And so he asked about the barley and the shepherds, picking up his quill with forced nonchalance. Seonghwa was quick to answer him, seemingly relieved at the change in topic as well.

*

Spring arrived, the days fuller, an added floral layer to the sea air. 

Mingi and Yunho rode through the thaw to visit, the palace echoing with their cackling laughter for a fortnight. Hongjoong was chained to the throne for the foreseeable future, and could not come. Yeosang missed him, resentful that the realm heaped troubles on his capable hyung without an utterance of thanks. 

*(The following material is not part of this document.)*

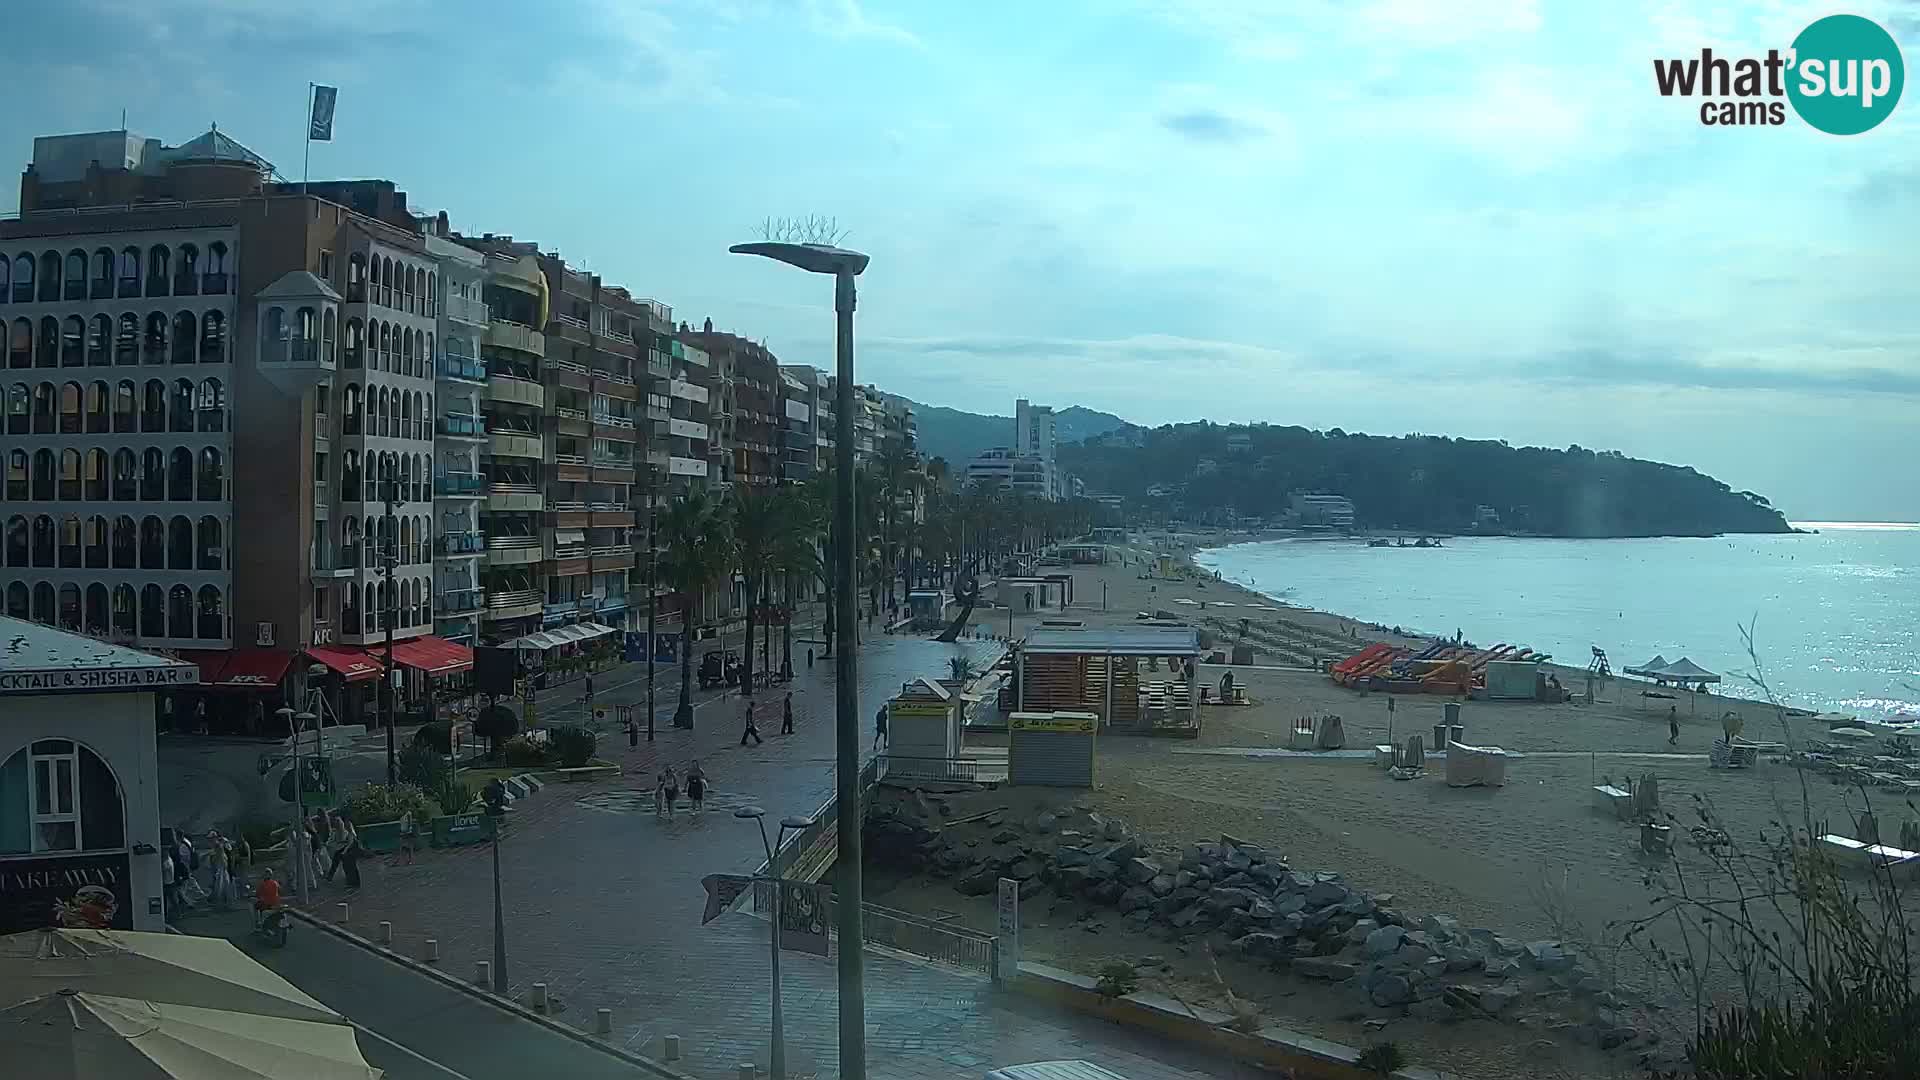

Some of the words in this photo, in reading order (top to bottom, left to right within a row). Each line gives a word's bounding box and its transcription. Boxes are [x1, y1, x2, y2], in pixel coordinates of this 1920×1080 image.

He was a diligent correspondent, at least; their letters ramble on about an assortment of details—a stray dog, an unusual fountain, Hongjoong’s progress with a harpsichord, a quip here and there about the dreary politics of court life. Hongjoong was a keen listener, and found odd requests like the tint of the ocean, no repeats, once per day for a month, to distract Yeosang when he sensed him getting caught up in the current from miles away. On his walks on the beach, Yeosang found tiny seashells and stones and pebbles and slipped them into the envelopes. 

This latest letter, though, he could not seem to write. 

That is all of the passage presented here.